La Juve è stata eliminata dalla Champions League con l’onore di aver fatto una grande prestazione. Ma per Spalletti arriva un’altra tegola..

La notte dell’Allianz Stadium rimarrà a lungo impressa nella memoria collettiva dei tifosi bianconeri come il racconto di un’impresa leggendaria, accarezzata con la punta delle dita e poi scivolata via nel momento più crudele. La Juventus di Luciano Spalletti, chiamata a ribaltare il pesantissimo passivo di Istanbul, è scesa in campo con un piglio che ha rasentato la perfezione agonistica per oltre novanta minuti. Una squadra vivace, propositiva, capace di annichilire il Galatasaray con una pressione asfissiante che ha portato i bianconeri su un clamoroso 3-0 al termine dei tempi regolamentari. In quel momento, il “miracolo” era realtà: l’aggregato segnava un incredibile 5-5 e l’inerzia del match sembrava tutta dalla parte della Vecchia Signora, trascinata da uno stadio diventato una bolgia d’altri tempi.

Tuttavia, il calcio è uno sport di millimetri e di fiato corto. Con l’inizio dei tempi supplementari, la stanchezza ha iniziato a pesare come piombo sulle gambe dei ragazzi di Spalletti, che avevano speso ogni goccia di energia per completare la rimonta in dieci uomini. La lucidità è venuta meno e il Galatasaray, sornione, ha approfittato degli spazi inevitabilmente lasciati da una retroguardia ormai stremata. Il rammarico più grande della serata porta il nome di Edon Zhegrova: l’attaccante ha avuto sul sinistro la palla del 4-0, un match point che avrebbe chiuso definitivamente i giochi, ma lo ha sciupato malamente. È stato l’episodio di svolta negativo che ha preceduto il ritorno dei turchi. Nonostante l’eliminazione, ai bianconeri si può rimproverare poco sotto il profilo dell’impegno, ma la serata rimarrà per sempre macchiata da una decisione arbitrale che ha cambiato il volto della sfida.

Caso Kelly, la UEFA rompe il silenzio: l’espulsione è corretta

A rendere incandescente il post-partita è stata la gestione del cartellino rosso a Lloyd Kelly. L’espulsione del difensore inglese, avvenuta all’inizio della ripresa, ha costretto la Juventus a un’odissea tattica in inferiorità numerica.
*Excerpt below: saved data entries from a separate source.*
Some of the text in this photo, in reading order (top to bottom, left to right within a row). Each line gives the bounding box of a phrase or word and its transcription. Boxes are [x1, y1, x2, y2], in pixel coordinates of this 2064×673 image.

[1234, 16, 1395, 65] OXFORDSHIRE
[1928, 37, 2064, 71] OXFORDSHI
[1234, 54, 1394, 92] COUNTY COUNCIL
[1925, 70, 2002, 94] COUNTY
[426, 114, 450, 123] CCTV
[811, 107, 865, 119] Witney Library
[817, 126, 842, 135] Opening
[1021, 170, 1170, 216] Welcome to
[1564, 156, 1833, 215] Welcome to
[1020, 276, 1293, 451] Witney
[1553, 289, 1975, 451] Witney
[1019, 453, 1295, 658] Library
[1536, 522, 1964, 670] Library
Di fronte alle proteste veementi della società e dei tifosi, la UEFA ha sentito la necessità di intervenire nelle ore successive con un comunicato ufficiale volto a chiarire la dinamica che ha spinto la sala VAR a richiamare l’arbitro Pinheiro per l’ormai celebre On Field Review. Nel documento diramato dalla massima organizzazione calcistica europea, la posizione è netta e priva di margini di manovra per il ricorso: “Il giocatore della Juventus, il numero 6, usando i suoi tacchetti ha avuto un forte contatto scorretto con la caviglia sinistra dell’avversario, mettendo chiaramente a repentaglio la sua incolumità.”

Lloyd Kelly

Caso Kelly, la UEFA rompe il silenzio: l’espulsione è corretta – supertifo.it (profilo IG Kelly)
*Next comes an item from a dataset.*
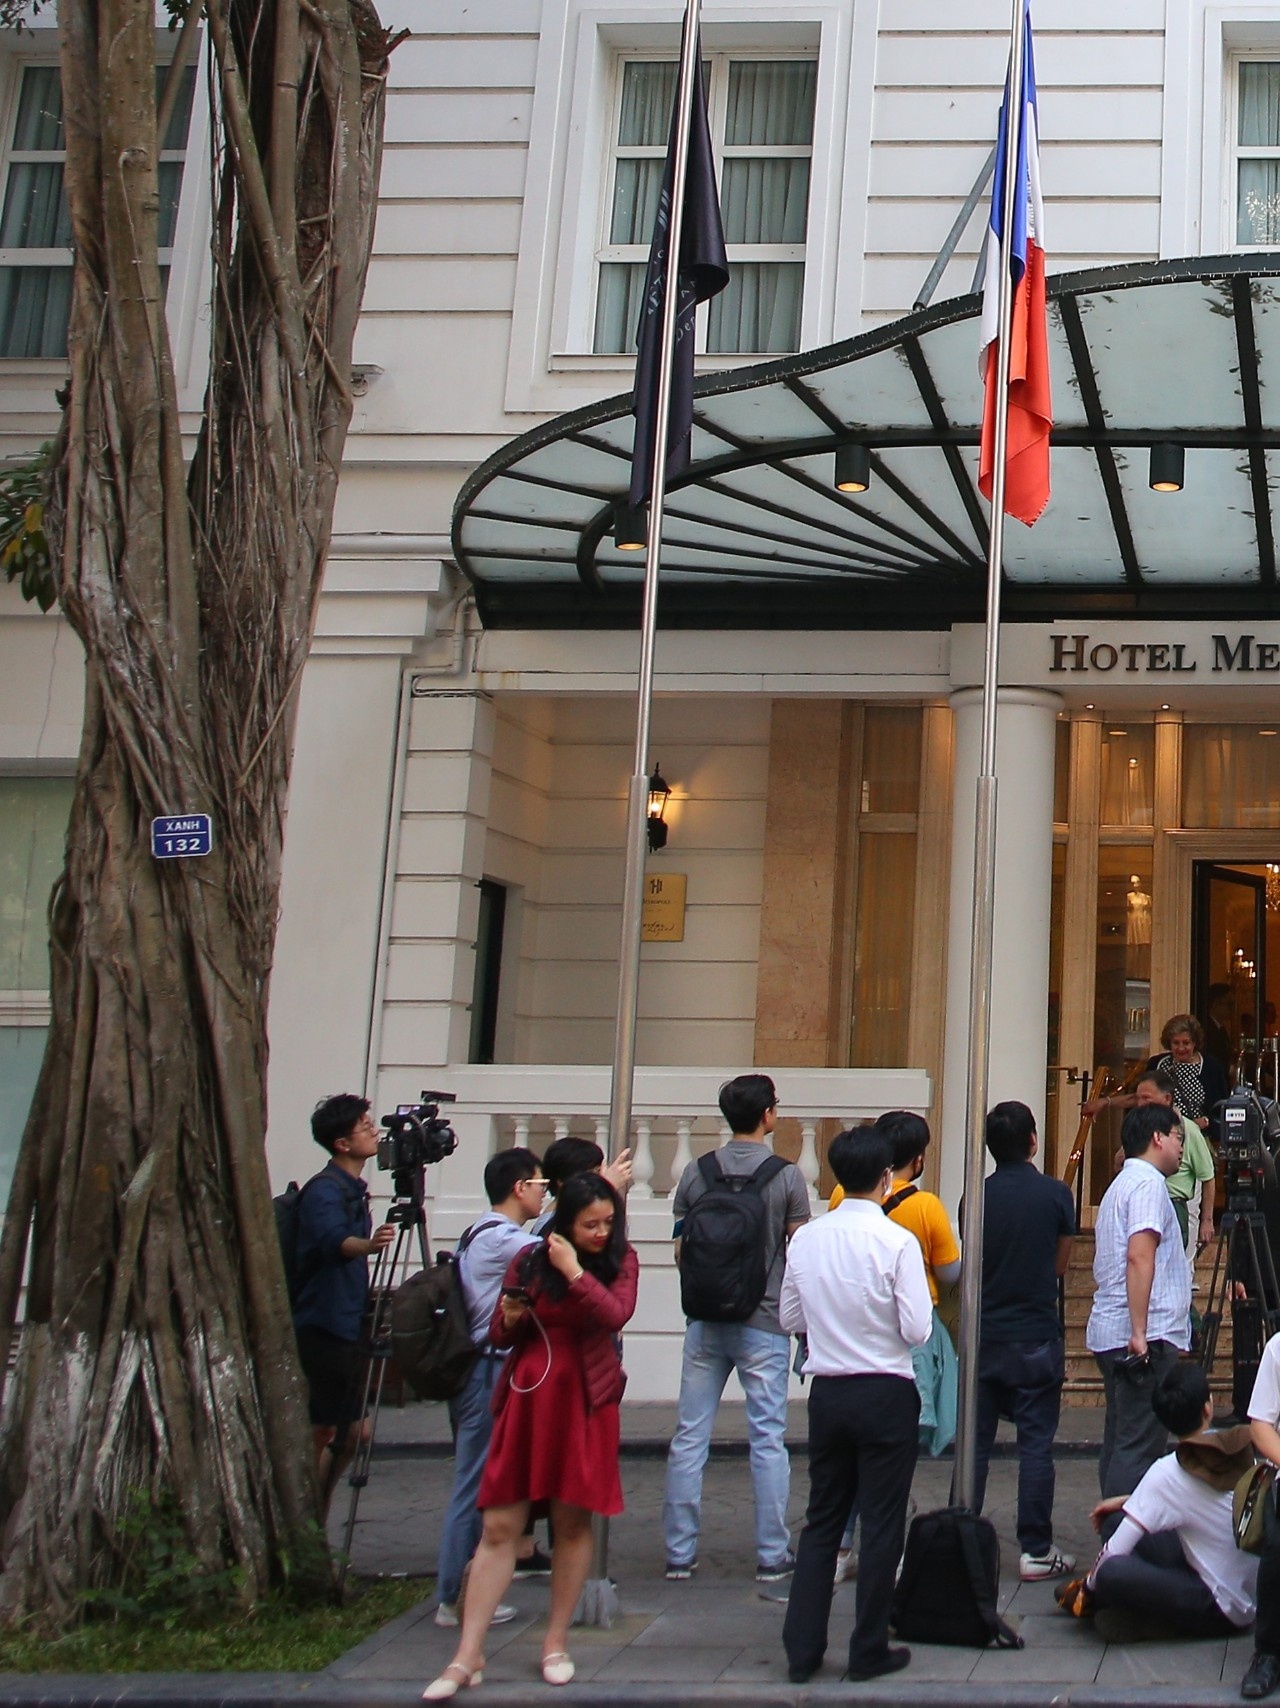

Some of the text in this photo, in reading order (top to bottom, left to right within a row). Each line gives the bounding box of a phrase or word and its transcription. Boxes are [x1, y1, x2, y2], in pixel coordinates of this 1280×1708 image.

Secondo la UEFA, l’intervento è stato giudicato estremamente pericoloso, giustificando così la conversione del giallo iniziale in rosso diretto. Questa interpretazione spegne le speranze di clemenza: Kelly rischia ora una squalifica di almeno due giornate, un verdetto durissimo se si considera la totale involontarietà dell’impatto, avvenuto nella dinamica di ricaduta da un salto. A dare voce al malumore dello spogliatoio è stato Federico Gatti, apparso provato ai microfoni della stampa. Il difensore ha definito l’episodio “assurdo”, sottolineando come Kelly avesse colpito prima il pallone e criticando un sistema che, a suo dire, penalizza eccessivamente i difensori moderni, finendo per stravolgere l’andamento delle partite.